All services hosted by 3rd party providers including (but not limited to):

  • https://community.quickfile.co.uk
  • https://status.quickfile.co.uk
  • Email issues relating to SMTP, SPF, DMARC and DKIM configurations.
  • Other integrated services hosted by 3rd party companies.

Qualifying Security Bugs

A qualifying security bug can include any “in scope” vulnerabilities such as XSS, XXE, CSRF, SQLi, Local or Remote File Inclusion, authentication issues, remote code execution, and authorisation issues and clickjacking. You must be the first researcher to responsibly disclose the vulnerability and you must follow the responsible disclosure principles set out in this policy, which include giving us a reasonable amount of time to address the vulnerability. The reasonable amount of time will be agreed with you following the disclosure of the vulnerability.

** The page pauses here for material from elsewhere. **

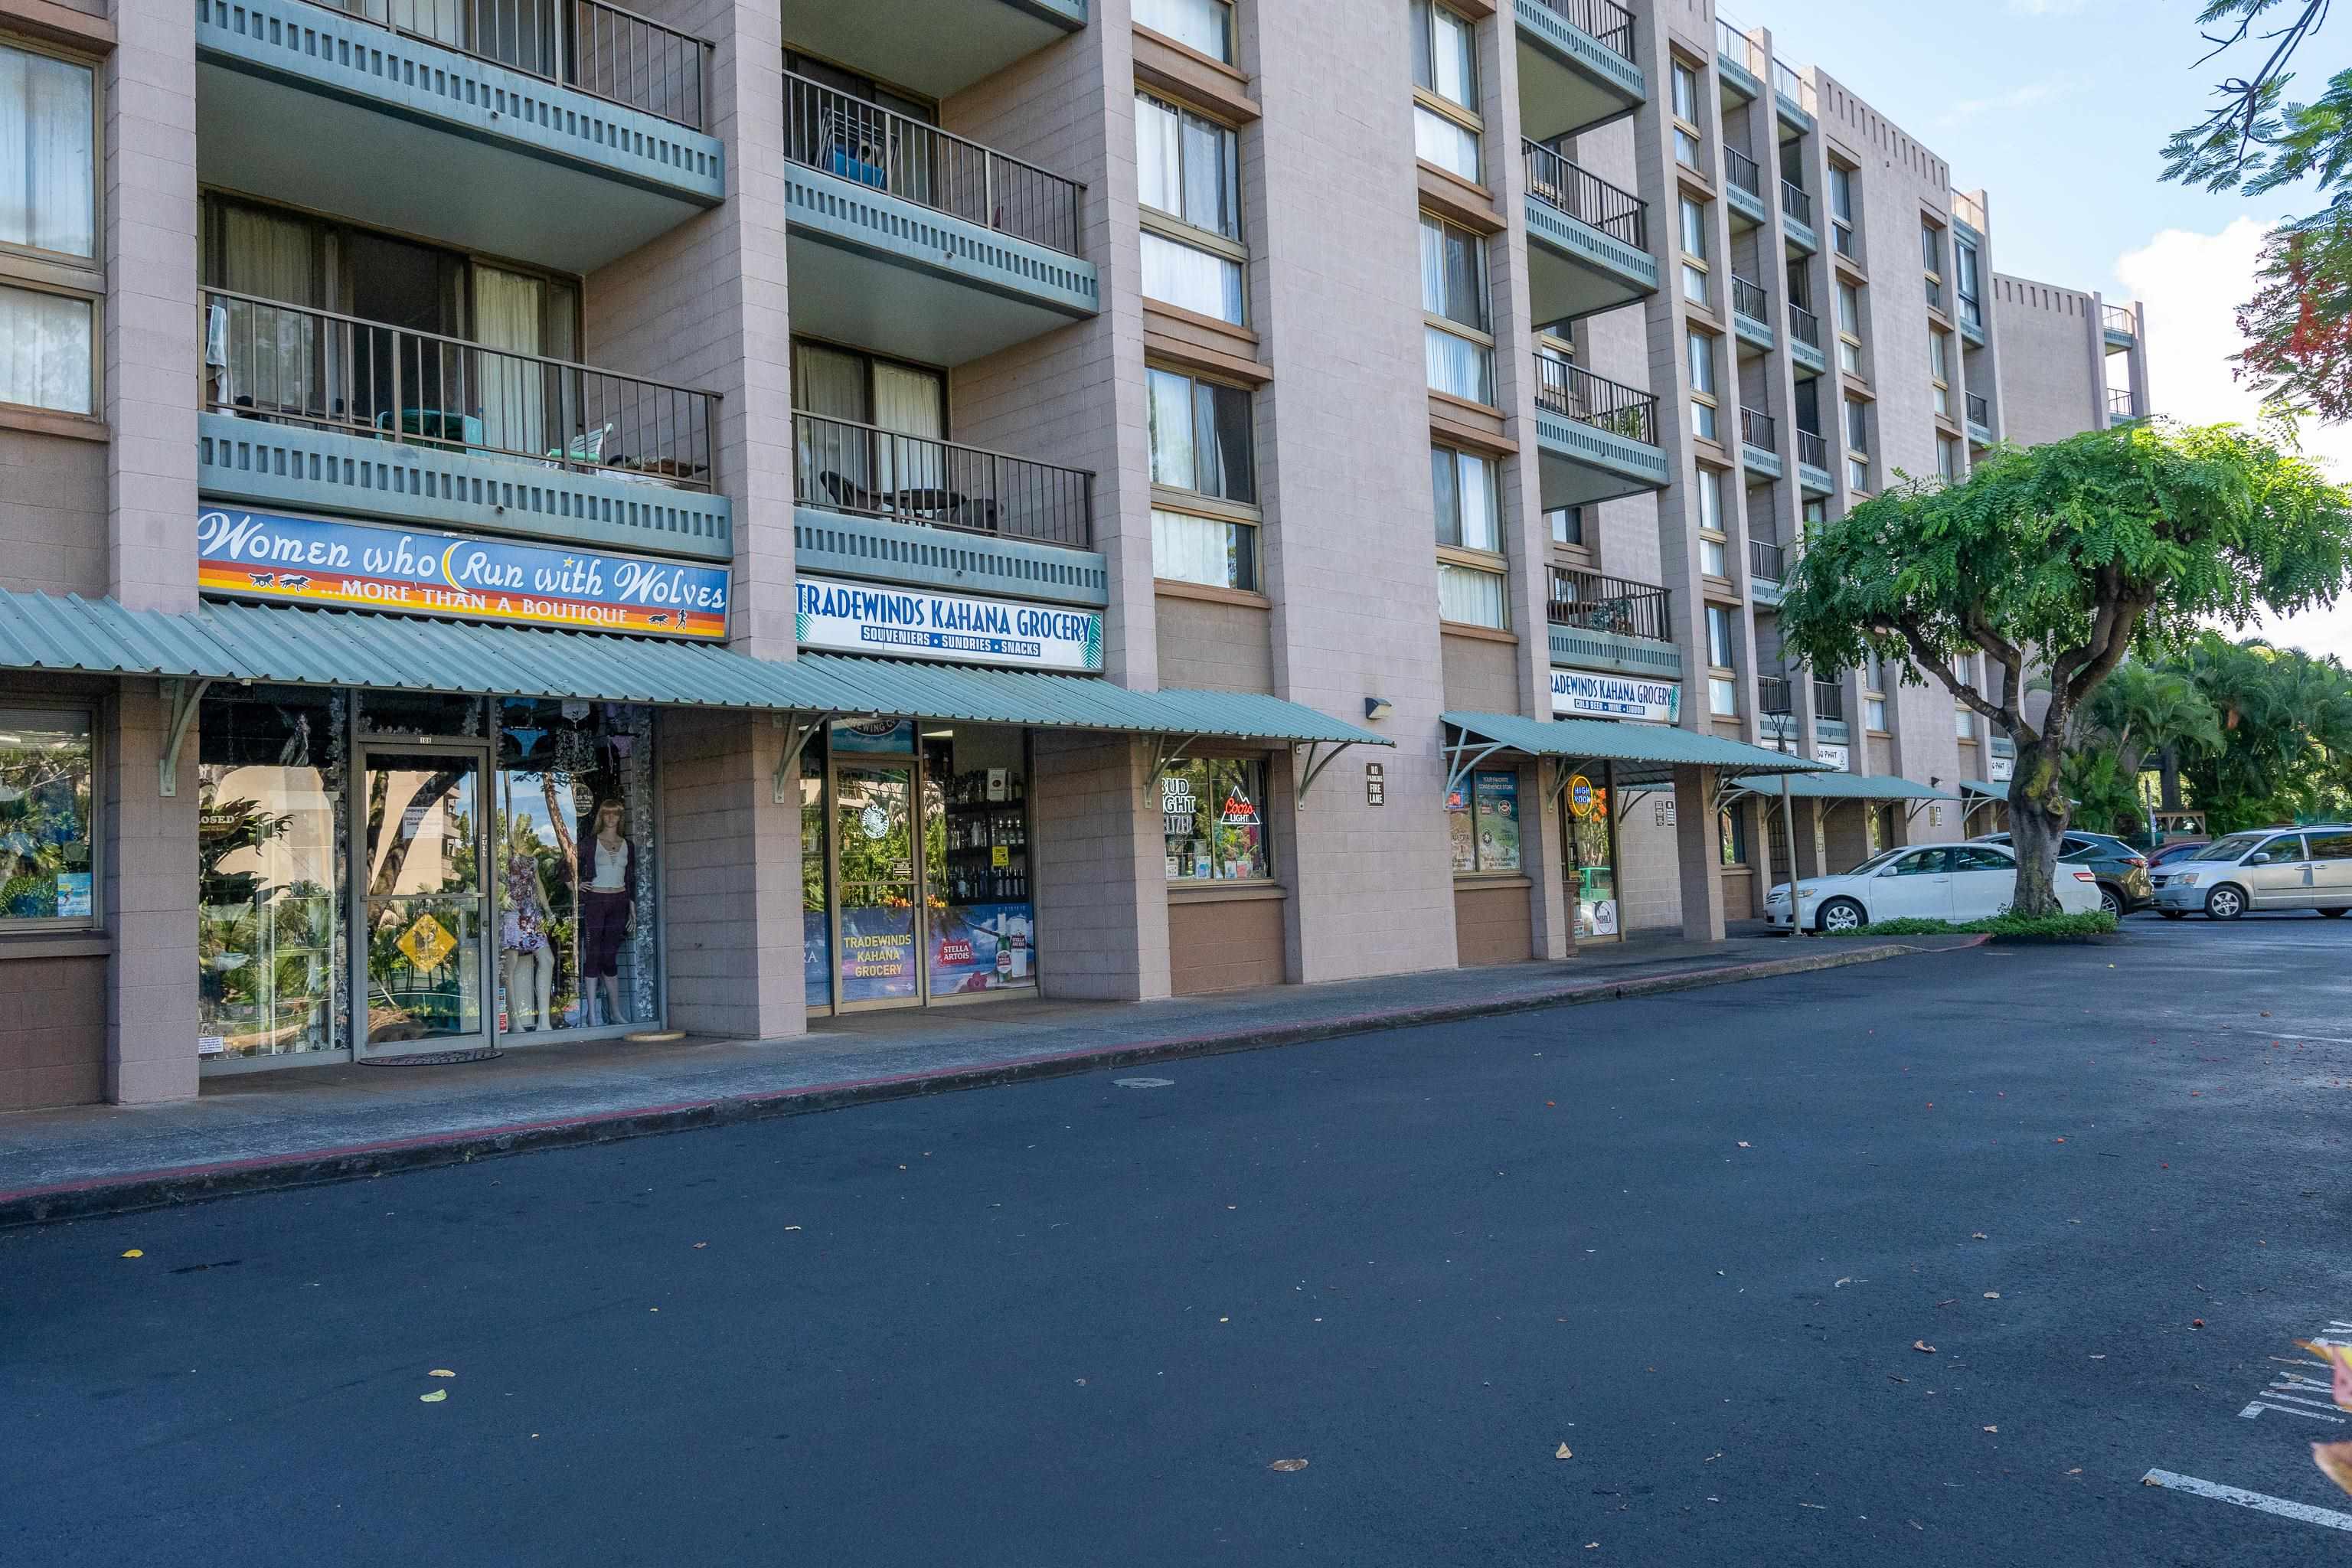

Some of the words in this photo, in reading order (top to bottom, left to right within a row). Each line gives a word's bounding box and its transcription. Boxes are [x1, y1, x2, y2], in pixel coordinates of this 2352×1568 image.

What is not a qualifying vulnerability?

Each submission will be evaluated on a case-by-case basis, here is a list of some of the issues which don’t qualify as security vulnerabilities.

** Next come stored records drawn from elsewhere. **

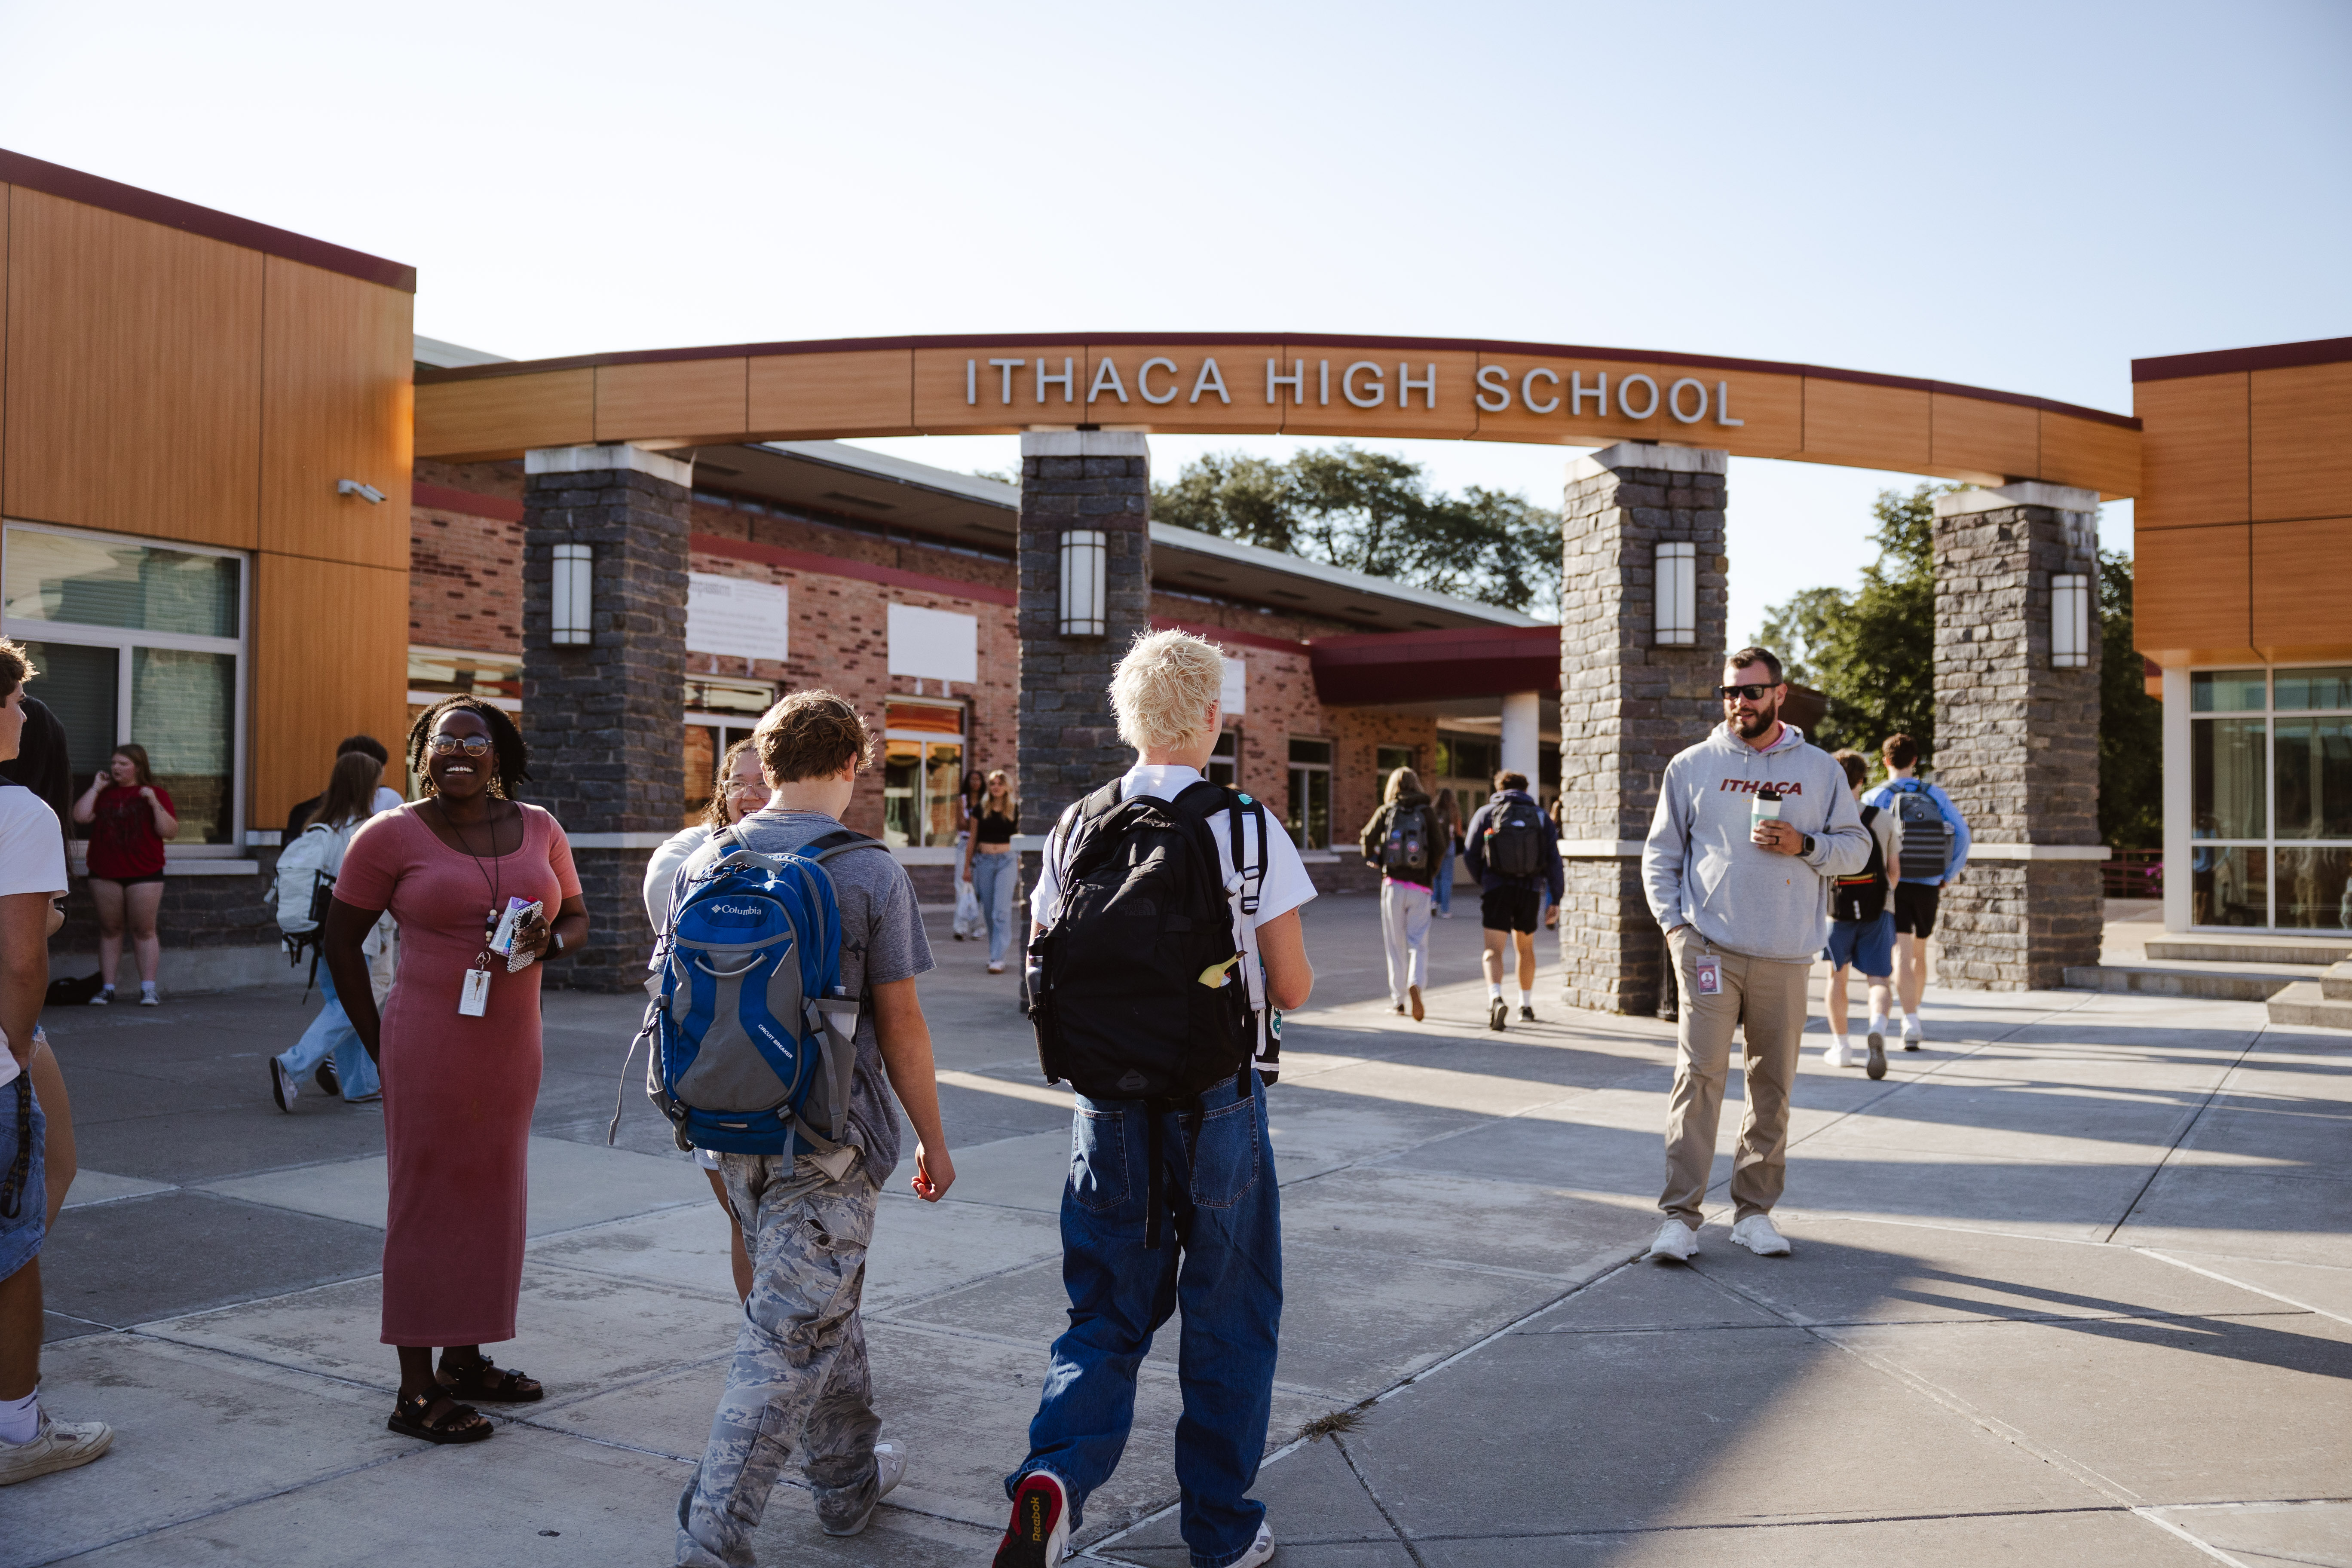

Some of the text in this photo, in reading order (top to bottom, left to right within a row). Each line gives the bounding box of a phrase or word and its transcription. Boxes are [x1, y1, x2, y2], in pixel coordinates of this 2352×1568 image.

[967, 357, 1744, 426] ITHACA HIGH SCHOOL
[1720, 779, 1802, 795] ITHACA
[722, 905, 761, 915] Columbia
[758, 1024, 793, 1059] CIRCUIT BREAKER
[1031, 1497, 1041, 1541] Reebok

  • Typographic or grammatical errors;
  • UI and UX bugs;
  • TLS/SSL related issues;
  • Vulnerabilities related to dated browsers or plugins
  • Content-Security Policies (CSP);
  • Lack of secure flag on cookies;
  • Account or item ID enumeration
  • Security headers missing such as, but not limited to “content-type-options”, “X-XSS-Protection”;
  • Issues that involve a malicious installed application on the client device;

How to report a security vulnerability?

If you believe you’ve found a security vulnerability in one of our products or platforms please email us on security@quickfile.co.uk. Please include the following details within your report:

  • Description of the location (e.g. URL) and potential impact of the vulnerability;
  • A detailed description of the steps required to reproduce the vulnerability; and
  • Your name and QuickFile account number (where applicable).